(Free-text object descriptions)
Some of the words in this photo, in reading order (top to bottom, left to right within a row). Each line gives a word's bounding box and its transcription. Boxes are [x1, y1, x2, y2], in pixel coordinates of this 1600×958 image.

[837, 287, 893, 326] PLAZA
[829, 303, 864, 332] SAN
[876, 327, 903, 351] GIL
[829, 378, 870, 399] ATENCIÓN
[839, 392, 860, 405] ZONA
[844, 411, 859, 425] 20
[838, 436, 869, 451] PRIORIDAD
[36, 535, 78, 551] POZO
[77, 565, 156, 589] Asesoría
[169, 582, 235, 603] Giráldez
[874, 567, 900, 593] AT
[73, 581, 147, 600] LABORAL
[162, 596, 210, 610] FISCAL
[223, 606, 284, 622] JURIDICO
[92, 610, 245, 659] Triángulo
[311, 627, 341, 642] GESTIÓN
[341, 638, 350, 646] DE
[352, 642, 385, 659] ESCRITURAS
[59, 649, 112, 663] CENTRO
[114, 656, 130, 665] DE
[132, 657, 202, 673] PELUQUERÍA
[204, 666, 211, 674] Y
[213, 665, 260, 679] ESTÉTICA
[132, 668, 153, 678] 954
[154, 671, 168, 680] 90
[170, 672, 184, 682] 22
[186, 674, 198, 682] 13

» What the exercise asks:
All of the data above should be reproduced exactly.

» Reply:
Some of the words in this photo, in reading order (top to bottom, left to right within a row). Each line gives a word's bounding box and its transcription. Boxes are [x1, y1, x2, y2], in pixel coordinates of this 1600×958 image.

[837, 287, 893, 326] PLAZA
[829, 303, 864, 332] SAN
[876, 327, 903, 351] GIL
[829, 378, 870, 399] ATENCIÓN
[839, 392, 860, 405] ZONA
[844, 411, 859, 425] 20
[838, 436, 869, 451] PRIORIDAD
[36, 535, 78, 551] POZO
[77, 565, 156, 589] Asesoría
[169, 582, 235, 603] Giráldez
[874, 567, 900, 593] AT
[73, 581, 147, 600] LABORAL
[162, 596, 210, 610] FISCAL
[223, 606, 284, 622] JURIDICO
[92, 610, 245, 659] Triángulo
[311, 627, 341, 642] GESTIÓN
[341, 638, 350, 646] DE
[352, 642, 385, 659] ESCRITURAS
[59, 649, 112, 663] CENTRO
[114, 656, 130, 665] DE
[132, 657, 202, 673] PELUQUERÍA
[204, 666, 211, 674] Y
[213, 665, 260, 679] ESTÉTICA
[132, 668, 153, 678] 954
[154, 671, 168, 680] 90
[170, 672, 184, 682] 22
[186, 674, 198, 682] 13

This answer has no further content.